Researchers studied the antimicrobial activity of tinctures containing crushed cannabis sativa leaves.
Findings in a new study published in the Journal of Integrative Medicine indicate that the leaves of Cannabis sativa L. plants have antibacterial activity that is effective for fighting against methicillin-resistant Staphylococcus aureus (MRSA).
In the new study, a team of researchers from Saaii College of Medical Science and Technology and the University of Gour Banga in India assessed the anti-MRSA antimicrobial properties of ethanol-based tinctures containing crushed leaves of three types of plants, including:
- Cannabis sativa
- An evergreen coniferous tree called Thuja orientalis
- Common guava (Psidium guajava)
The researchers tested the antimicrobial activities of the leaves using in vitro procedures. They also used biochemical assays and high-performance thin-layer chromatography (HPTLC) to examine the presence of bioactive molecules in each of the leaf extracts.
The researchers found that 50 percent extract of each of the three leaf extracts were effective at inhibiting the growth of MRSA when administered individually, but the effects were more profound when leaves of Cannabis sativa were used in a 1:1 mixture with leaves of Thuja orientalis.
“Ethanolic extract of C. sativa alone and in combination with T. orientalis provided two potential therapeutic agents for use against MRSA infections,” the researchers concluded.
They also found greater MRSA inhibitory effects when Psidium guajava was combined with Thuja orientalis.
The researchers explained that the synergistic effect of the combination of leaves “was probably due to the combined inhibitory effects of phenolics present in the leaf extracts (i.e., quercetin and gallic acid) and catechin, as detected by HPTLC.”
Full text of the new study, “Antimicrobial activity of Cannabis sativa, Thuja orientalis and Psidium guajava leaf extracts against methicillin-resistant Staphylococcus aureus,” is available through Science Direct.
What is MRSA?
MRSA is a type of staph bacteria that causes life-threatening infections in different parts of the body. Often referred to as a “superbug,” MRSA is difficult to treat because it’s become resistant to many antibiotics used to treat staph infections, including methicillin, penicillin, oxacillin, and cefoxitin.
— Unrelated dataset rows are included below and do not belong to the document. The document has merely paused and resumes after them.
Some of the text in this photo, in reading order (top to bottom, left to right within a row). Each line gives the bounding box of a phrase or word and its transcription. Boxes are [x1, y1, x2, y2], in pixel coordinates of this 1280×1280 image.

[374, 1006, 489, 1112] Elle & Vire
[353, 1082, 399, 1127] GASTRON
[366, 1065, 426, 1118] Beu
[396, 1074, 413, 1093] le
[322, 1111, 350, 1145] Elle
Most MRSA infections develop in people who have been in hospitals and other types of health care centers, such as dialysis centers and nursing homes. These health care-associated MRSA (HA-MRSA) infections are often associated with invasive procedures.
MRSA can also spread by living in unsanitary and crowded conditions, and by cuts and abrasions through skin-to-skin contact.
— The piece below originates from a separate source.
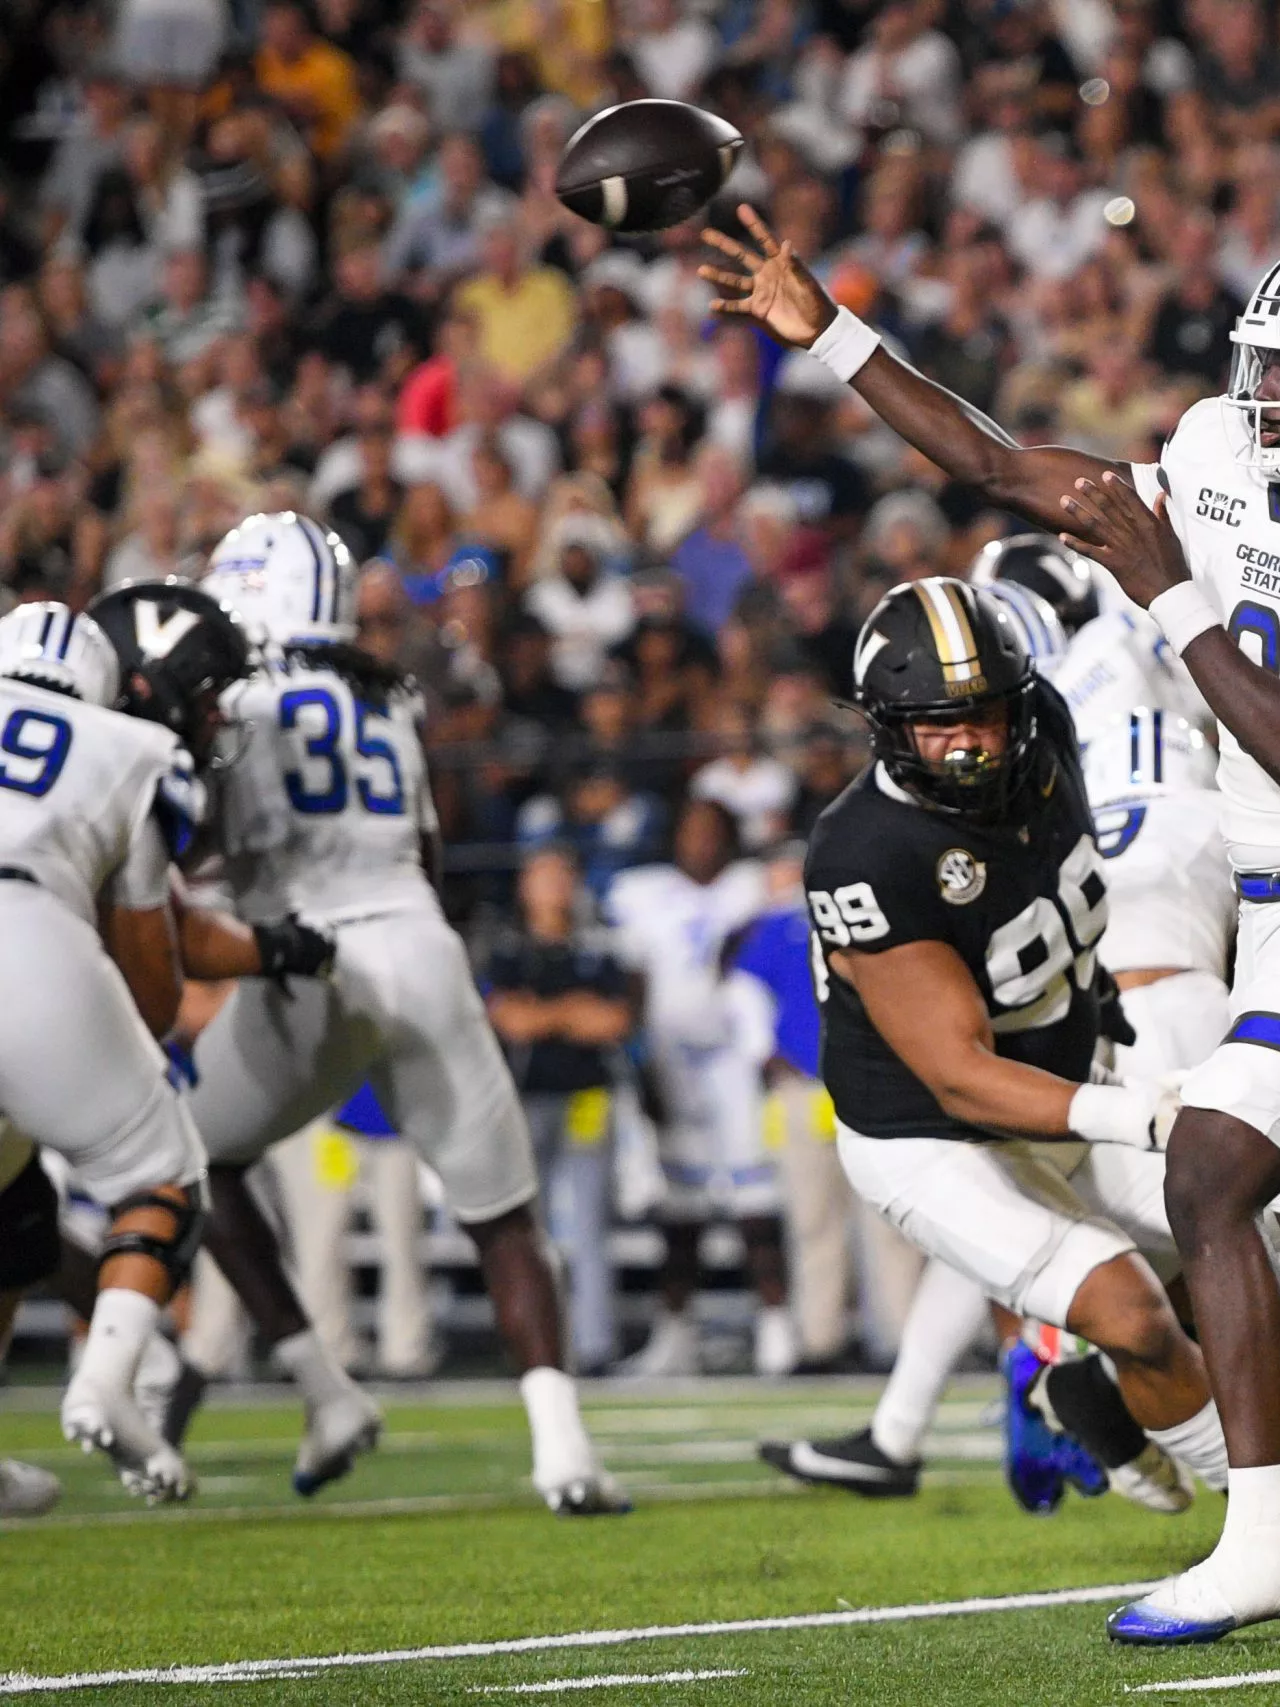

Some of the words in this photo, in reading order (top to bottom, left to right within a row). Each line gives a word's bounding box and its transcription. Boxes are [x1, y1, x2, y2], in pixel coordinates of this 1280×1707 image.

[0, 709, 72, 798] 9
[279, 688, 405, 815] 35
[808, 881, 891, 947] 99
Symptoms of MRSA often include an infection site that resembles a spider bite, or red bumps that look like pimples or boils.
MRSA has become resistant to antibiotics over the years due to unnecessary antibiotic use. The surviving germs quickly learn how to resist the antibiotics, making them even more difficult to treat later on.
According to the Centers for Disease Control and Prevention, there were more than 80,000 invasive MRSA infections and 11,285 related deaths in 2011. Overall rats of invasive MRSA have dropped by 31 percent, however, between 2005 and 2011.